● **Exercise objective**
Print each entry again exactly as written, and keep the pictures out.

● **Source records**
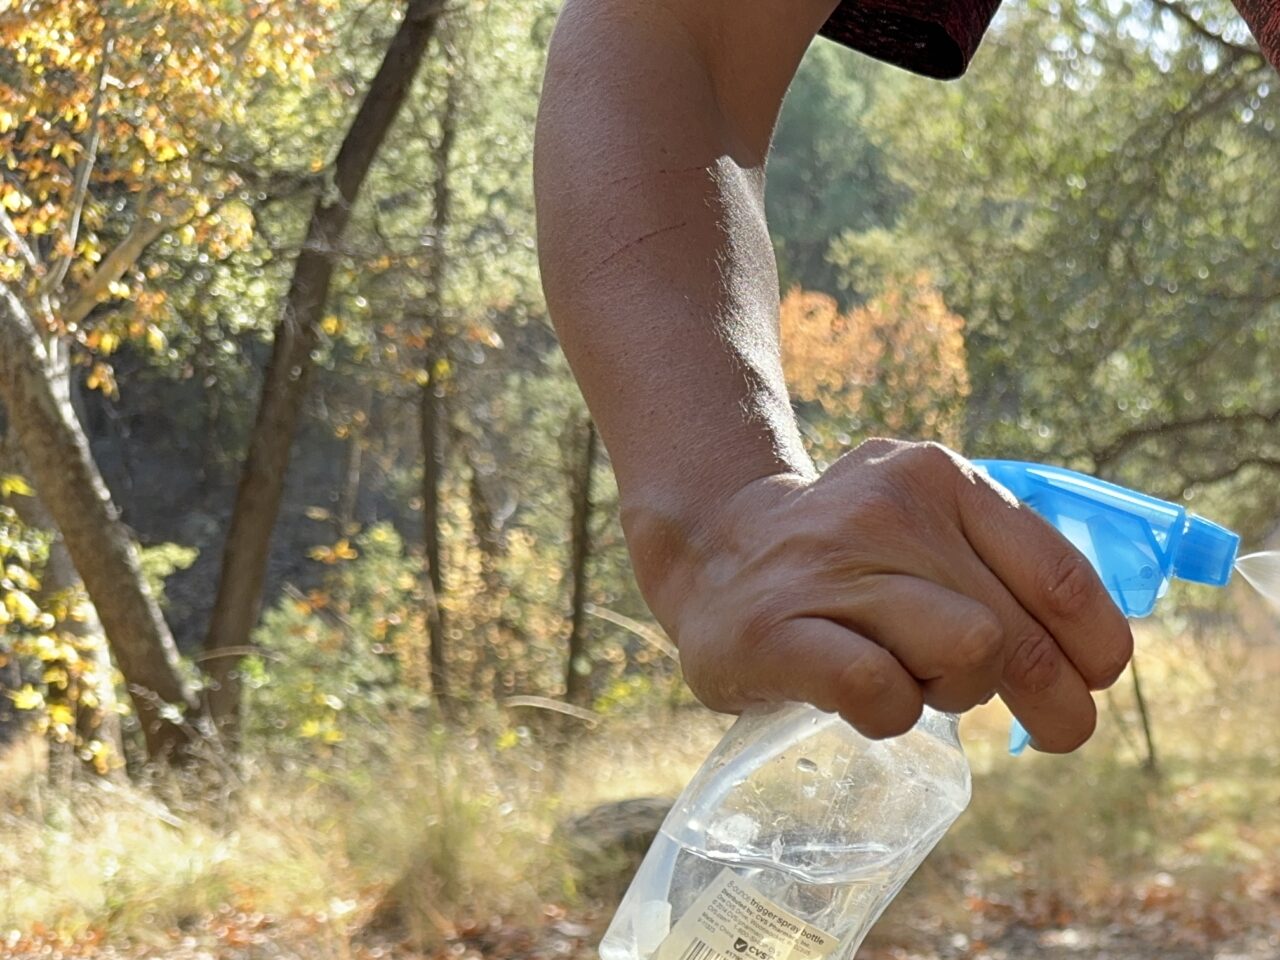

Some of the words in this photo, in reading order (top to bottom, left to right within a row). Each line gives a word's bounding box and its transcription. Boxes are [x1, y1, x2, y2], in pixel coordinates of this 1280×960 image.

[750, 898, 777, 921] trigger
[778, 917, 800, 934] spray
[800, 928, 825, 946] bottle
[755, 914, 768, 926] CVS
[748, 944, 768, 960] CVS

● **Written answer**
Some of the words in this photo, in reading order (top to bottom, left to right within a row). Each line gives a word's bounding box and its transcription. Boxes are [x1, y1, x2, y2], in pixel coordinates of this 1280×960 image.

[750, 898, 777, 921] trigger
[778, 917, 800, 934] spray
[800, 928, 825, 946] bottle
[755, 914, 768, 926] CVS
[748, 944, 768, 960] CVS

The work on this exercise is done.